This chain of events will happen mid to end of ADoS.

 

I will save the explanations of the quotes for discussions in the further posts.

 

Foreshadowing for Jaime killing Cersei

 

“Lord Hallyne has assured me that his pyromancers can control the fire.” The Guild of Alchemists had been brewing fresh wildfire for a fortnight. “Let all of King’s Landing see the flames. It will be a lesson to our enemies.”

“Now you sound like Aerys.”

Her nostrils flared. “Guard your tongue, ser.”

“I love you too, sweet sister.”    

How could I ever have loved that wretched creature? she wondered after he had gone. He was your twin, your shadow, your other half, another voice whispered. Once, perhaps, she thought. No longer. He has become a stranger to me.

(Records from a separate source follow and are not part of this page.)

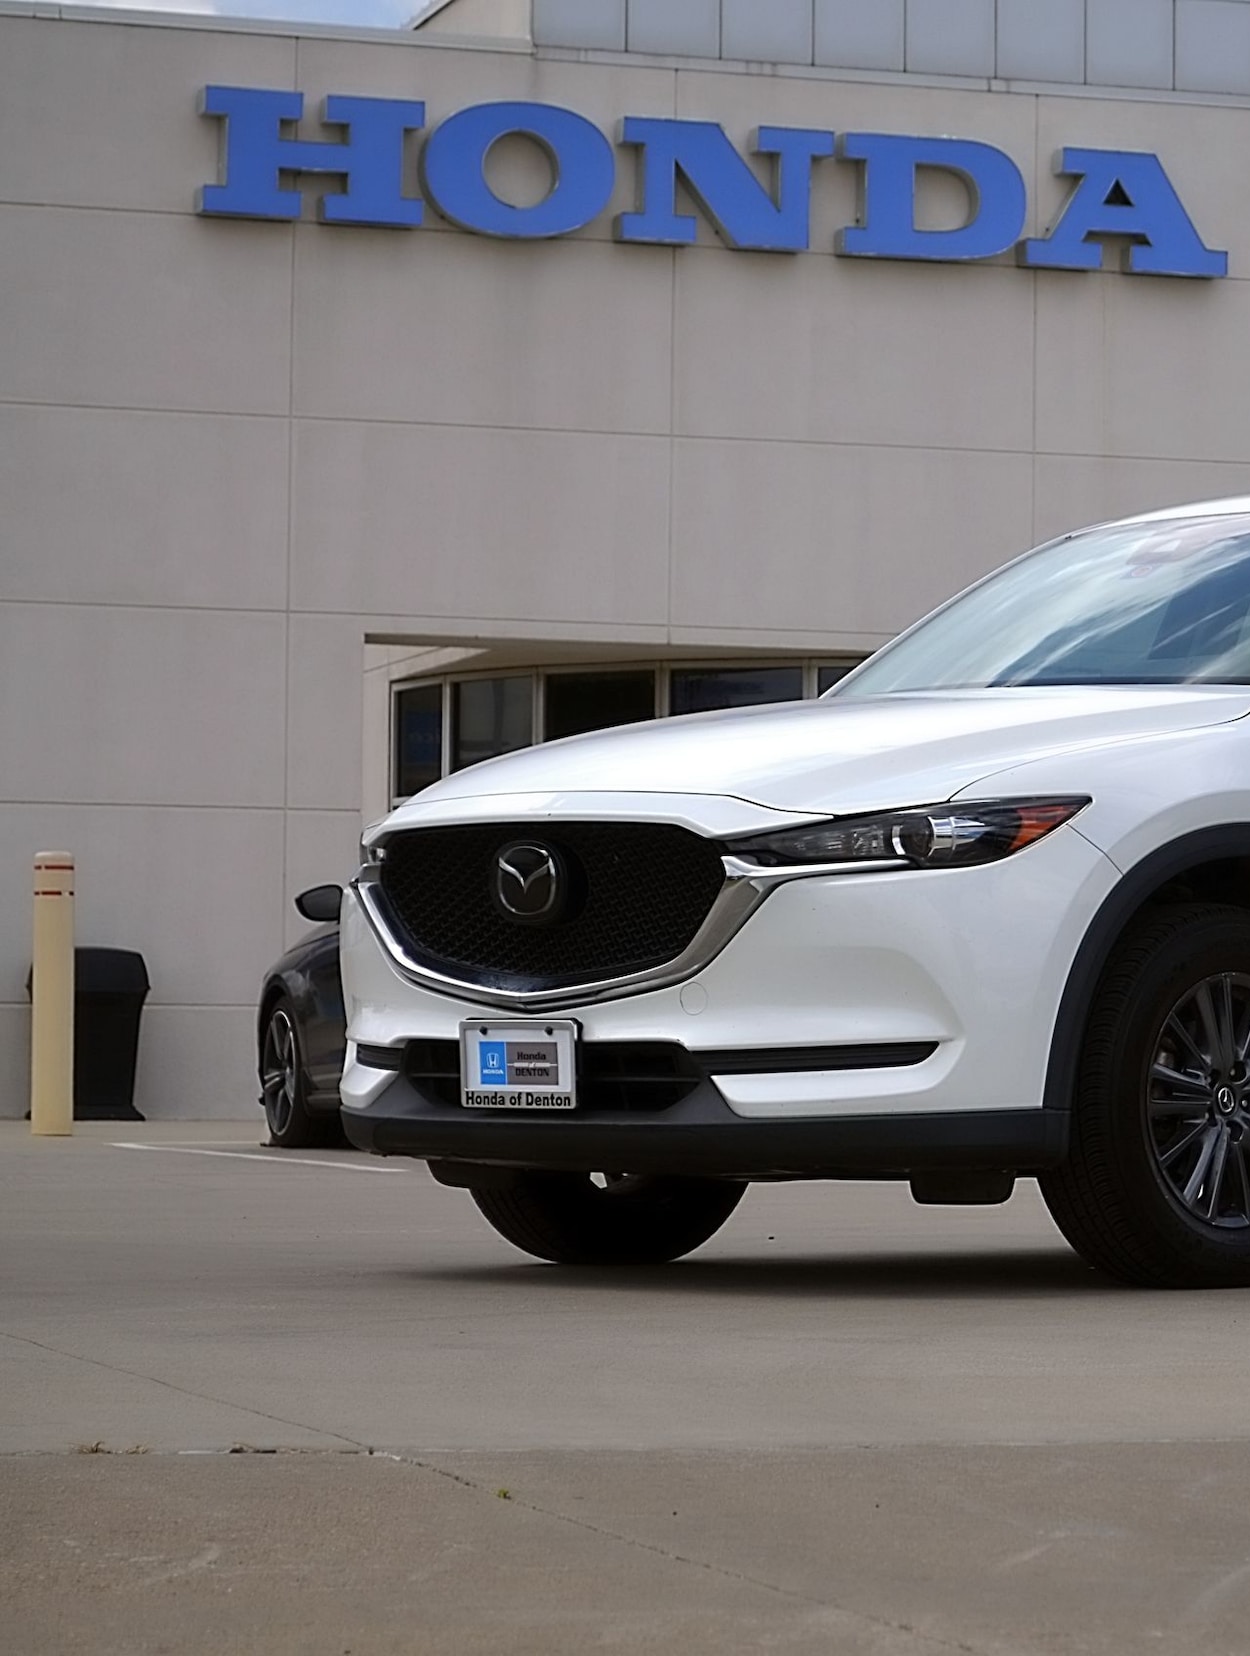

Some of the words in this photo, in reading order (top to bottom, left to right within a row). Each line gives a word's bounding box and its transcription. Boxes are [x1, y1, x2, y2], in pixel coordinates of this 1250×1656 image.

[198, 84, 1229, 279] HONDA
[517, 1051, 546, 1060] Honda
[515, 1068, 549, 1077] DENTON
[465, 1091, 505, 1106] Honda
[509, 1091, 522, 1106] of
[526, 1092, 571, 1107] Denton

                                                                          

She thought of Joffrey, clawing at his neck. In his last moments he had looked to her in desperate appeal, and a sudden memory had stopped her heart; a drop of red blood hissing in a candle flame, a croaking voice that spoke of crowns and shrouds, of death at the hands of the valonqar.

 

“And when your tears have drowned you, the valonqar shall wrap his hands about your pale white throat and choke the life from you.”

 

Tyrion slid a hand under his father’s chain, and twisted. The links tightened, digging into her neck. “For hands of gold are always cold, but a woman’s hands are warm,” he said.

 

“No more than I want Joy to marry the son of some scheming turncloak bitch. She deserves better.” Jaime would happily have strangled the woman [Sybell Westerling] with her seashell necklace.

 

Note that a single hand is enough to strangle someone with a necklace.

 

Foreshadowing for Cersei killing Jaime

 

I thought that I was the Warrior and Cersei was the Maid, but all the time she was the Stranger, hiding her true face from my gaze.

 

“Prince Aemon the Dragonknight [parallel to Jaime] cried the day Princess Naerys [parallel to Cersei] wed his brother Aegon,” Sansa Stark said, “and the twins Ser Arryk and Ser Erryk died with tears on their cheeks after each had given the other a mortal wound.”

 

Foreshadowing for Jaime and Cersei dying together

 

I cannot die while Cersei lives, he told himself. We will die together as we were born together.

 

“My queen,” said Qyburn, “have you... forgotten? Ser Jaime has no sword hand. If he should champion you and lose...”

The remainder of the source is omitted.